171O - Monitoring of metastatic breast cancer using circulating tumour DNA: a comparison with circulating tumour cells

Date 29 September 2012
Event ESMO Congress 2012
Session Biomarkers in breast and colorectal cancer
Topics Biomarkers
Breast Cancer, Metastatic
Presenter Sarah-Jane Dawson
Authors S. Dawson1, D. Tsui2, M. Murtaza2, H. Biggs3, S. Chin2, D. Gale2, T. Forshew2, M. Wallis4, N. Rosenfeld2, C. Caldas1
  • 1Department Of Oncology, Li Ka Shing Centre, Cancer Research UK, Cambridge Research Institute Addenbrooke's Hospital, CB2 0RE - Cambridge/UK
  • 2Oncology, Li Ka Shing Centre, Cancer Research UK, Cambridge Research Institute Addenbrooke's Hospital, CB2 0RE - Cambridge/UK
  • 3Oncology, Cambridge Breast Unit, Addenbrooke's Hospital, Cambridge University Hospitals NHS Foundation Trust, CB2 0QQ - Cambridge/UK
  • 4Department Of Radiology, Addenbrooke's Hospital, Cambridge University Hospitals NHS Foundation Trust, CB2 0QQ - Cambridge/UK

Abstract

Background

Management of metastatic breast cancer (MBC) requires monitoring of tumour response to determine treatment efficacy. Imaging is routinely used, but is often a poor indicator of dynamic clinical response. Circulating tumour cells (CTCs) have been extensively studied but dynamics of cell-free DNA carrying tumour-specific alterations (circulating tumour DNA, ctDNA) has only recently been demonstrated. We performed the first direct comparison of CTCs and ctDNA in relation to medical imaging, to compare the performance of these biomarkers for the non-invasive monitoring of MBC.

Methods

Clinical details, imaging and serial whole blood were collected prospectively from women undergoing therapy for MBC. DNA from tumour tissues was analysed using targeted and/or whole genome sequencing to identify somatic genetic alterations. These were used to design personalised assays to quantify ctDNA in plasma using digital PCR. CTCs were quantified at identical time points using the CellSearch® system. A blinded review of all imaging was performed according to RECIST criteria.

Results

Concurrent CTC and ctDNA data was available from 16 women across 58 samples. Elevated CTCs (≥5 cells / 7.5ml blood) and ctDNA were identified in 11 (69%) and 15 (94%) cases respectively. ctDNA levels were a median of 234-fold higher than CTC numbers and showed greater sensitivity for monitoring tumour dynamics.

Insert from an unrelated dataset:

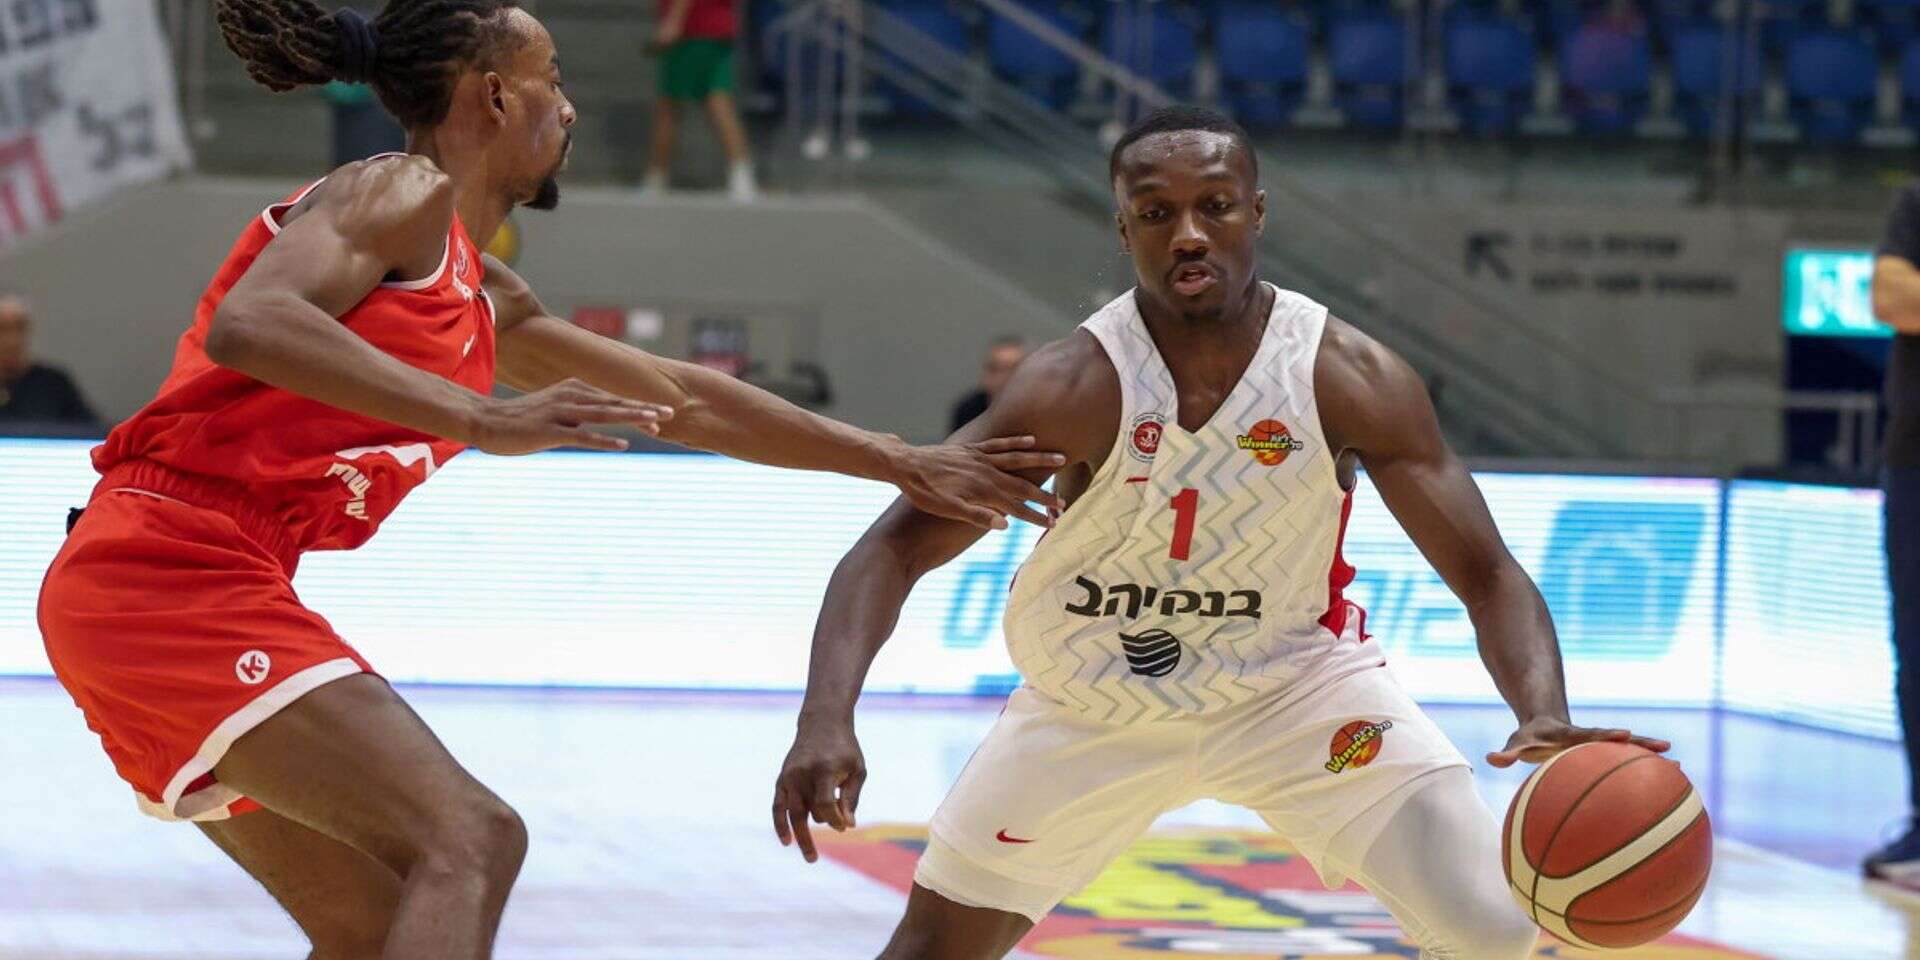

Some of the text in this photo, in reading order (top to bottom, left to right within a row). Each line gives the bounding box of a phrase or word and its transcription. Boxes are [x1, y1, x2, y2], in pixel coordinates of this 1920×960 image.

[1236, 434, 1290, 450] Winner
[1168, 487, 1200, 561] 1
[1325, 727, 1377, 774] Winner

In several cases, rising ctDNA was identified months before progressive disease was detected by CTCs or imaging. Changes in ctDNA levels were also observed in a subset of women with no measurable disease using the other modalities. Multiple somatic mutations and structural variants were measured in parallel in ctDNA, demonstrating the utility of this methodology to follow clonal evolution during treatment.

Conclusions

ctDNA is a more sensitive biomarker than CTCs for the monitoring of MBC and often provides the earliest measure of treatment response. ctDNA has the potential to be used as a ‘liquid biopsy’ to directly monitor responses to targeted therapies and detect the emergence of resistant mutations. Future work should focus on the integration of ctDNA monitoring into multi-centre prospective clinical trials.

Disclosure

All authors have declared no conflicts of interest.